"""

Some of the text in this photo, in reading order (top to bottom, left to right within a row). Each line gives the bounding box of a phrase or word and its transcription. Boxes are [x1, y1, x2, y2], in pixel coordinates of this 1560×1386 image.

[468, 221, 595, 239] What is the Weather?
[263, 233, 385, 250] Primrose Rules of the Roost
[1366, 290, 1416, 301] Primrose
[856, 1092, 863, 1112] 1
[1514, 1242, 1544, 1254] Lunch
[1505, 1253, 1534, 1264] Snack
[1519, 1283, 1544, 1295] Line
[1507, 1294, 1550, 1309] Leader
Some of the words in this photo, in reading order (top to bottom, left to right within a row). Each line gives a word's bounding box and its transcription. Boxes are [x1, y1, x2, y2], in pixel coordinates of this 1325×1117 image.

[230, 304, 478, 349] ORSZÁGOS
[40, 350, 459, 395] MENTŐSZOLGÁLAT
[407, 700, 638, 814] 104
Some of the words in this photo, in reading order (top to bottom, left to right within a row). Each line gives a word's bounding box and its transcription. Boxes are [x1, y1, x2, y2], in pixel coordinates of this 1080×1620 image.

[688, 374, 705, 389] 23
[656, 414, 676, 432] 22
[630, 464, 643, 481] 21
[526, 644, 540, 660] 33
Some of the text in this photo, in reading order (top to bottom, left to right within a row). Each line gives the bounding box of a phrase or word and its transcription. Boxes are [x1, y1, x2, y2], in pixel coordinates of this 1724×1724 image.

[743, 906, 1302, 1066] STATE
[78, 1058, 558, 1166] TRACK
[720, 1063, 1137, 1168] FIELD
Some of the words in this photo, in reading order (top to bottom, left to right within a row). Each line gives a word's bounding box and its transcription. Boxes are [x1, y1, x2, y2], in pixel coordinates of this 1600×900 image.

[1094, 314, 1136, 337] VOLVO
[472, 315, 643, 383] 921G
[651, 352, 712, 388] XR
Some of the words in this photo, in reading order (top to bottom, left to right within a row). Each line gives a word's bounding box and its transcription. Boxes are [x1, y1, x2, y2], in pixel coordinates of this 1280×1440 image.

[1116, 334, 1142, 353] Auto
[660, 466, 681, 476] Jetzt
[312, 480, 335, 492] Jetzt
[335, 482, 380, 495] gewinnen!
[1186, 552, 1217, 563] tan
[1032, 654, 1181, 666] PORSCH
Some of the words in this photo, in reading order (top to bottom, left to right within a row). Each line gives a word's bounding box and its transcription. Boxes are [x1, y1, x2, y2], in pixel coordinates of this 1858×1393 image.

"""

*Task requirements*: Please set down all of the records exactly.

*Answer to this problem*:
Some of the text in this photo, in reading order (top to bottom, left to right within a row). Each line gives the bounding box of a phrase or word and its transcription. Boxes are [x1, y1, x2, y2], in pixel coordinates of this 1560×1386 image.

[468, 221, 595, 239] What is the Weather?
[263, 233, 385, 250] Primrose Rules of the Roost
[1366, 290, 1416, 301] Primrose
[856, 1092, 863, 1112] 1
[1514, 1242, 1544, 1254] Lunch
[1505, 1253, 1534, 1264] Snack
[1519, 1283, 1544, 1295] Line
[1507, 1294, 1550, 1309] Leader
Some of the words in this photo, in reading order (top to bottom, left to right within a row). Each line gives a word's bounding box and its transcription. Boxes are [x1, y1, x2, y2], in pixel coordinates of this 1325×1117 image.

[230, 304, 478, 349] ORSZÁGOS
[40, 350, 459, 395] MENTŐSZOLGÁLAT
[407, 700, 638, 814] 104
Some of the words in this photo, in reading order (top to bottom, left to right within a row). Each line gives a word's bounding box and its transcription. Boxes are [x1, y1, x2, y2], in pixel coordinates of this 1080×1620 image.

[688, 374, 705, 389] 23
[656, 414, 676, 432] 22
[630, 464, 643, 481] 21
[526, 644, 540, 660] 33
Some of the text in this photo, in reading order (top to bottom, left to right within a row). Each line gives the bounding box of a phrase or word and its transcription. Boxes are [x1, y1, x2, y2], in pixel coordinates of this 1724×1724 image.

[743, 906, 1302, 1066] STATE
[78, 1058, 558, 1166] TRACK
[720, 1063, 1137, 1168] FIELD
Some of the words in this photo, in reading order (top to bottom, left to right within a row). Each line gives a word's bounding box and its transcription. Boxes are [x1, y1, x2, y2], in pixel coordinates of this 1600×900 image.

[1094, 314, 1136, 337] VOLVO
[472, 315, 643, 383] 921G
[651, 352, 712, 388] XR
Some of the words in this photo, in reading order (top to bottom, left to right within a row). Each line gives a word's bounding box and its transcription. Boxes are [x1, y1, x2, y2], in pixel coordinates of this 1280×1440 image.

[1116, 334, 1142, 353] Auto
[660, 466, 681, 476] Jetzt
[312, 480, 335, 492] Jetzt
[335, 482, 380, 495] gewinnen!
[1186, 552, 1217, 563] tan
[1032, 654, 1181, 666] PORSCH
Some of the words in this photo, in reading order (top to bottom, left to right within a row). Each line gives a word's bounding box and its transcription. Boxes are [x1, y1, x2, y2], in pixel coordinates of this 1858×1393 image.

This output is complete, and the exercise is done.